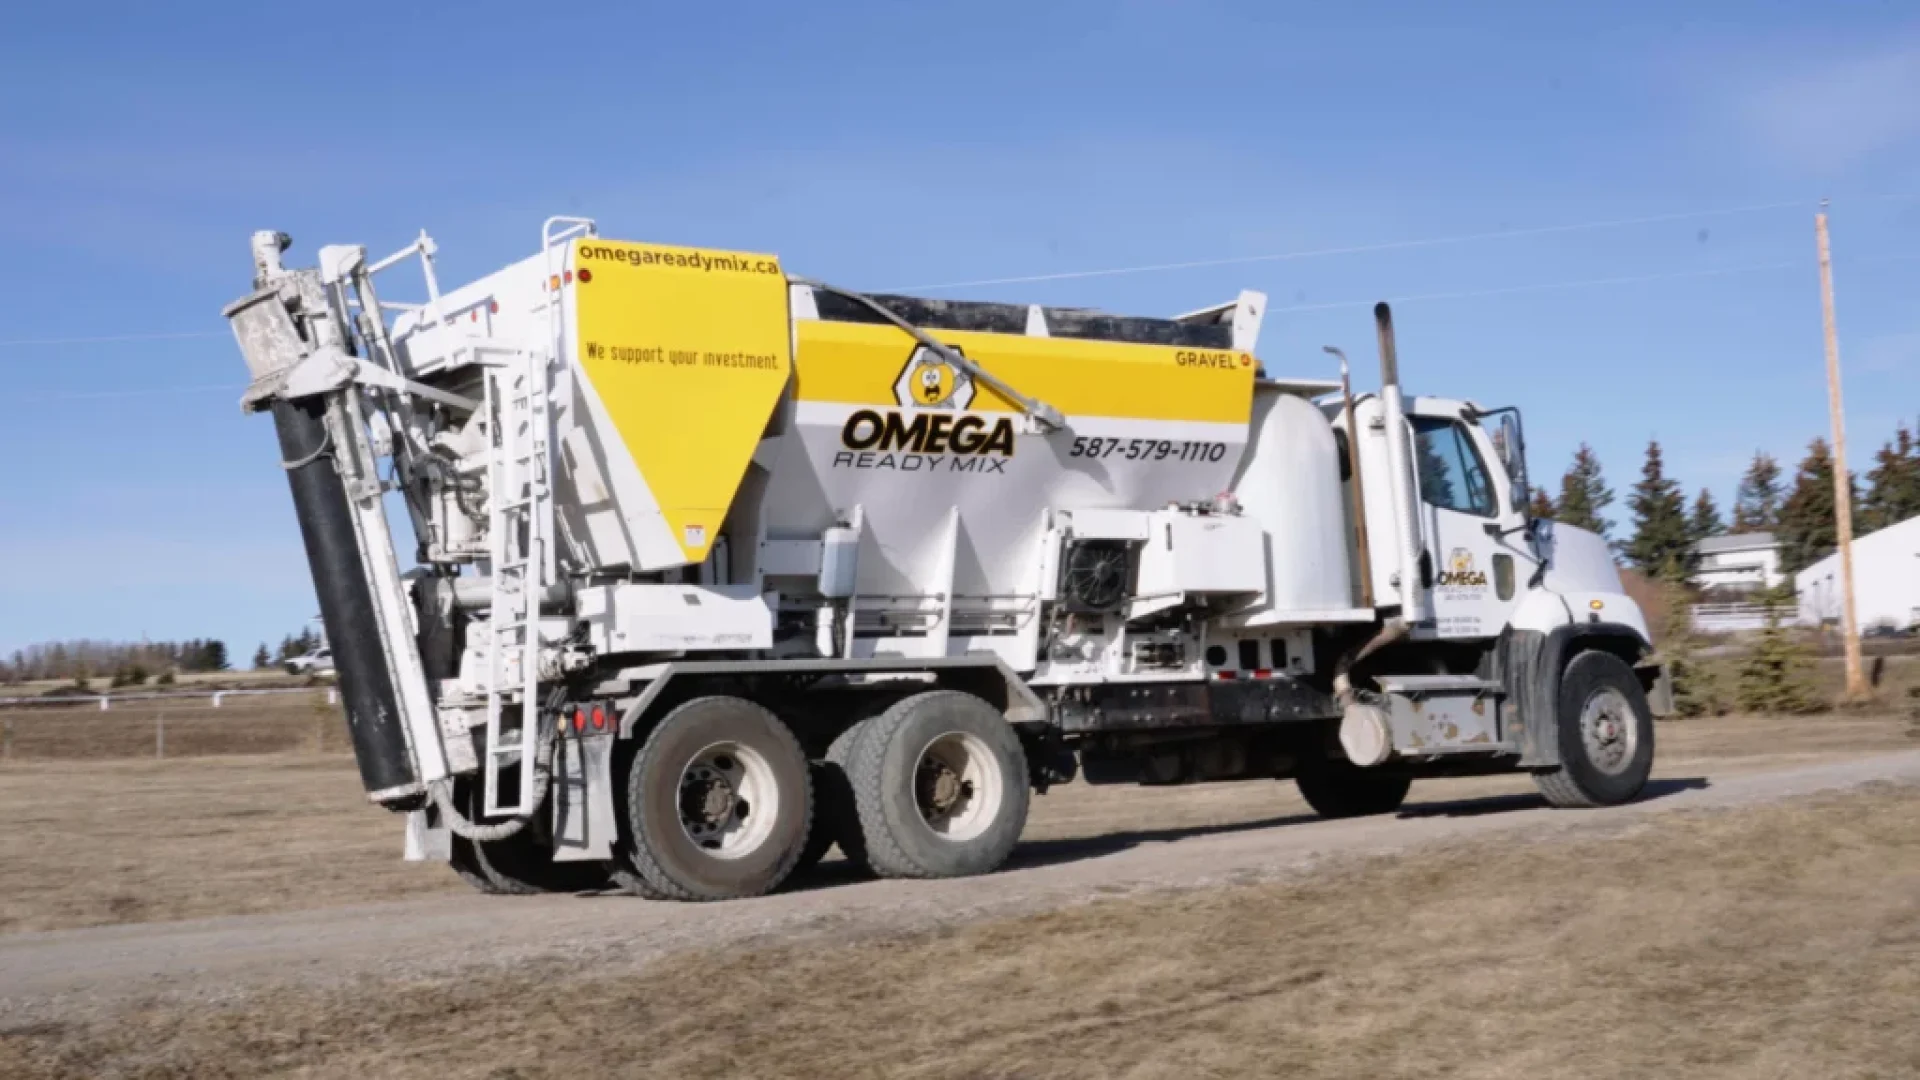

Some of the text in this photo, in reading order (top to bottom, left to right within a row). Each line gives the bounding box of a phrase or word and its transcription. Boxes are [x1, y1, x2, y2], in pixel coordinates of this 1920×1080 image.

[579, 244, 780, 275] omegareadymix.ca
[586, 341, 779, 371] We support your investment
[1175, 350, 1237, 370] GRAVEL
[841, 408, 1016, 458] OMEGA
[1069, 436, 1227, 462] 587-579-1110
[832, 451, 1009, 475] READY MIX
[1438, 570, 1488, 586] OMEGA

######

= INSTRUCTIONS FOR THE TASK =
Could you transcribe the records above exactly, leaving every picture out?

= WRITTEN RESPONSE =
Some of the text in this photo, in reading order (top to bottom, left to right within a row). Each line gives the bounding box of a phrase or word and its transcription. Boxes are [x1, y1, x2, y2], in pixel coordinates of this 1920×1080 image.

[579, 244, 780, 275] omegareadymix.ca
[586, 341, 779, 371] We support your investment
[1175, 350, 1237, 370] GRAVEL
[841, 408, 1016, 458] OMEGA
[1069, 436, 1227, 462] 587-579-1110
[832, 451, 1009, 475] READY MIX
[1438, 570, 1488, 586] OMEGA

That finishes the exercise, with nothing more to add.